They are quiet then until Amandine says, “Do you know why I like trains, monsieur?”
“Have you had so much traffic in your life with trains?”
“When I was little, Solange would take me to the station in Montpellier so that I could watch the trains arriving and departing, and I loved that more than the ballet. I remember that when we boarded the train in Montpellier at the beginning of our journey to Avise, I never wanted that ride to end.
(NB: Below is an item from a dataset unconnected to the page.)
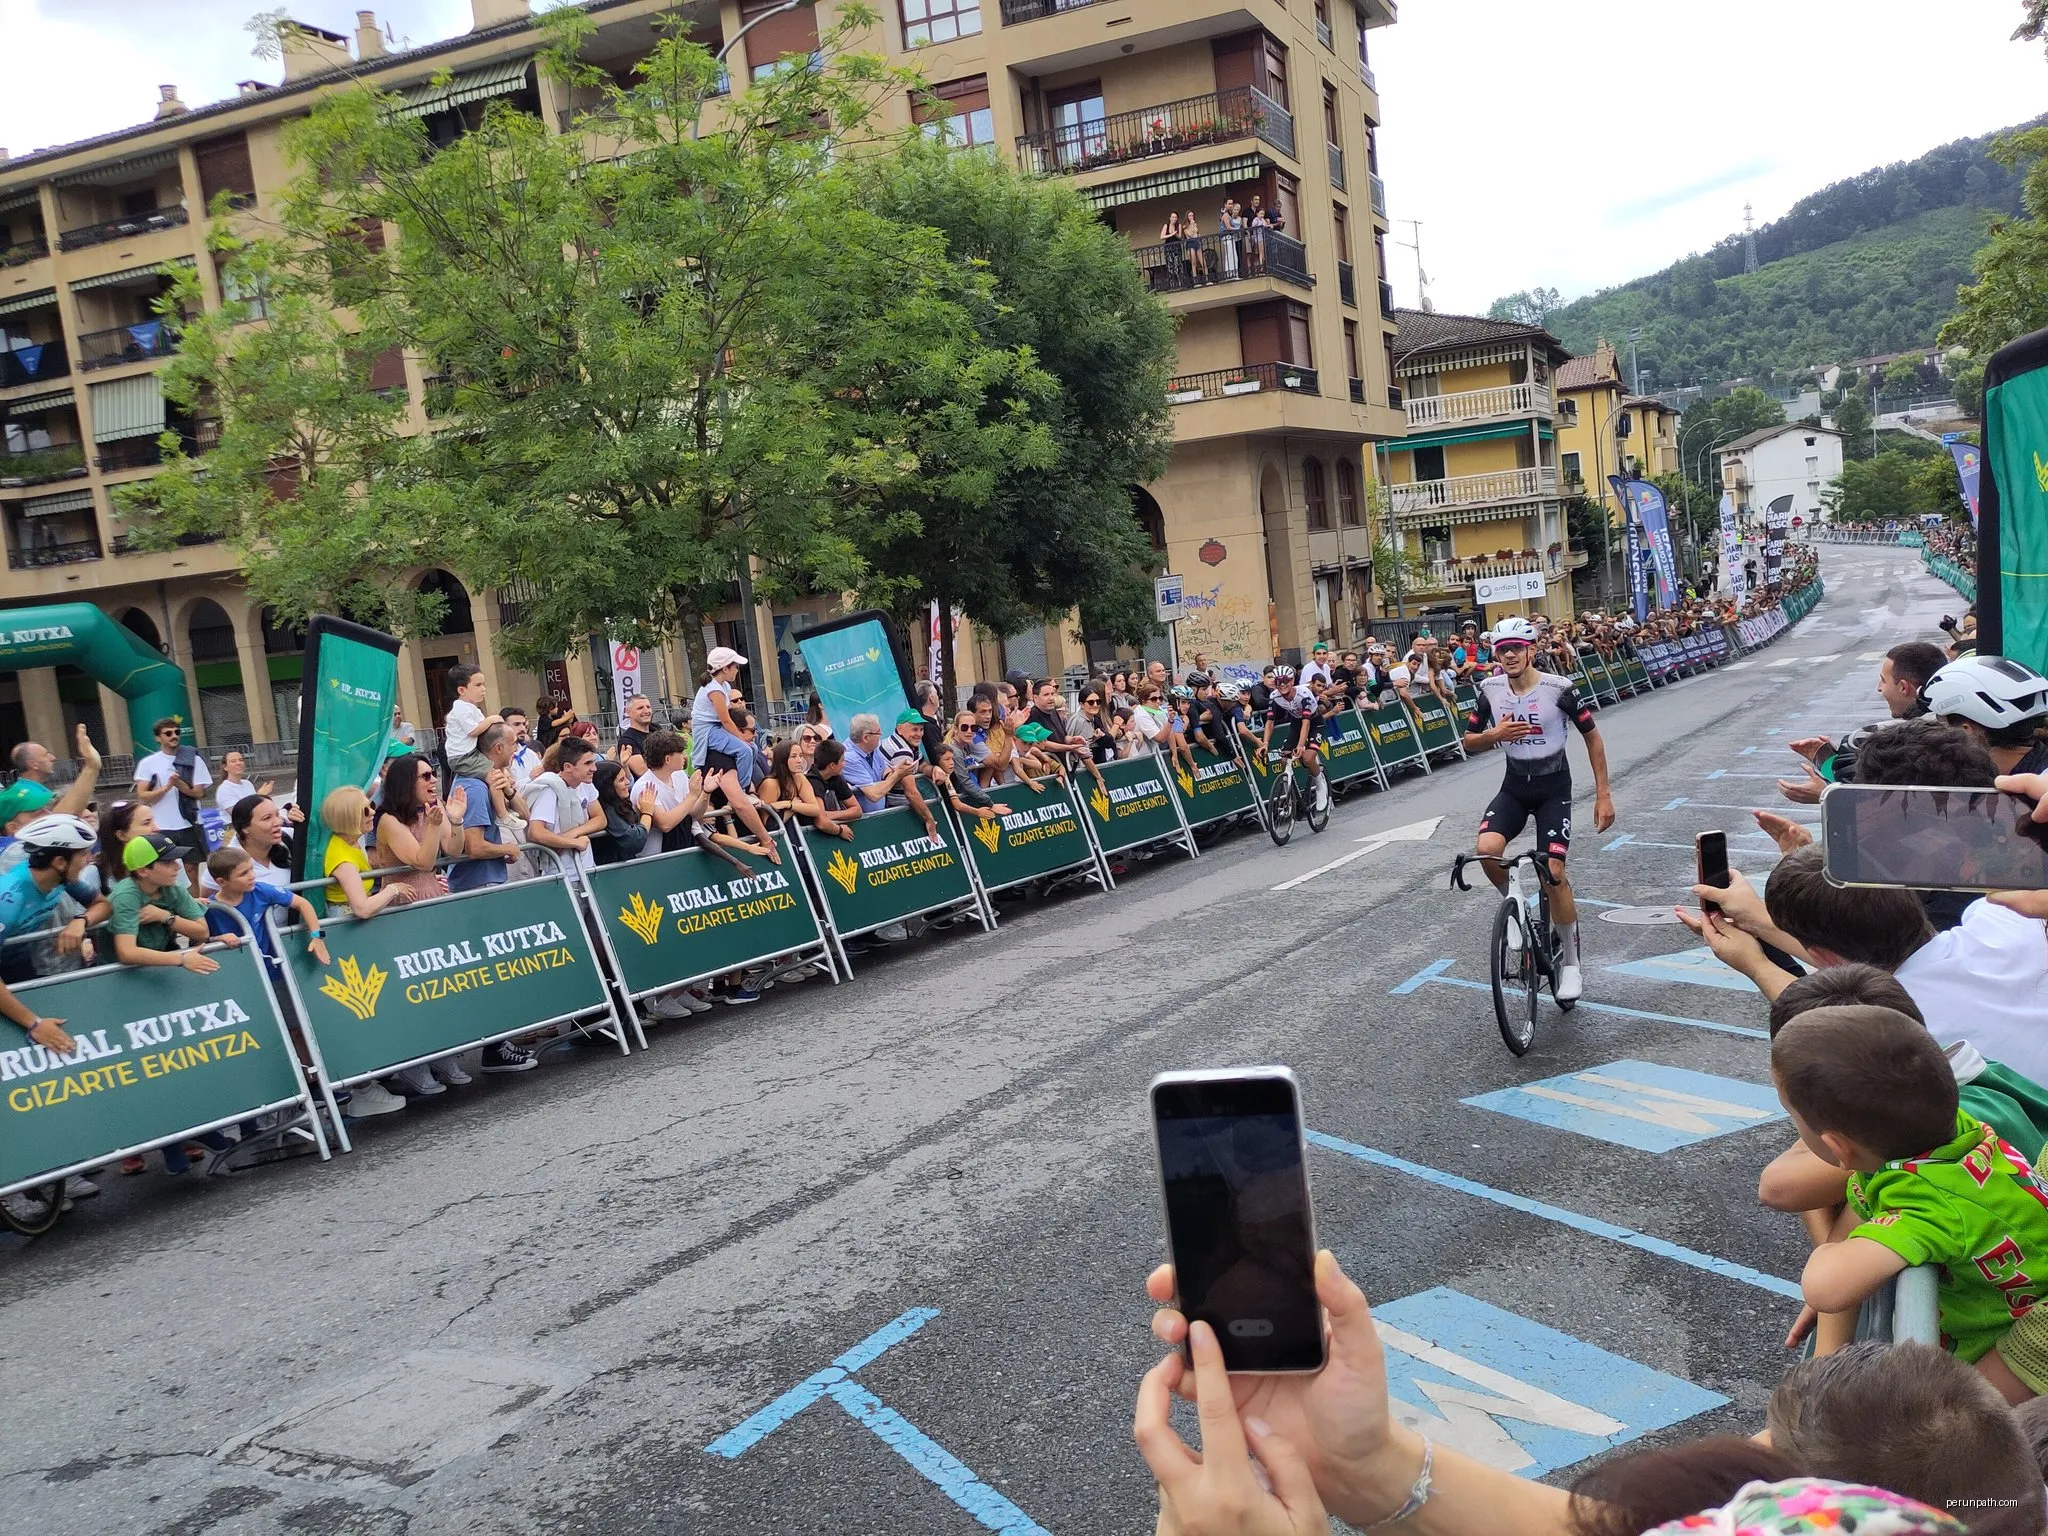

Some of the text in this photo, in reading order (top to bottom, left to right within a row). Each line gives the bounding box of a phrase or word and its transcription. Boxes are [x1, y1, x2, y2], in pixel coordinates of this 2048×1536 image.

I like trains for different reasons now.”
“Such as?”
“Into a dark tunnel, back out into the light. The cornfields slipping by—”
“Cornfields slipping by fast as life does? Is that it? I know how old I have grown …”
Amandine looks at him, shakes her head and smiles, turns to look out the window. Still looking away from him, she asks, “Where were you all the time when you were away? Are you ever going to tell me about that?”
“I don’t know if I can. Certainly I cannot now.”
Catulle wants a change of subject. “Your necklace, let me look at it more closely. Yes, it’s lovely.” He reaches to touch the pendant, runs his finger across the stone.
“It’s old, it looks to be very old. The one that Solange had kept for you?”
“Yes. The only other time I’ve worn it was on the day when I came to you.”
“And that jacket, what did you call it?”
“A kontusz. Madame de Bazin says the word differently, but it’s something like that.”
Catulle studies her. Under her coat of many colors, Amandine wears a black wool skirt and sweater, thick black stockings and ankle boots, black fingerless gloves. Her plait Isolde has tied with a black velvet ribbon like the one around her neck.
“I fear your mise is far too elegant for a day to be spent in the Gare du Nord but—”
“I wore the necklace and the coat for good luck.”
A long, piercing whistle sounds their approach to the station.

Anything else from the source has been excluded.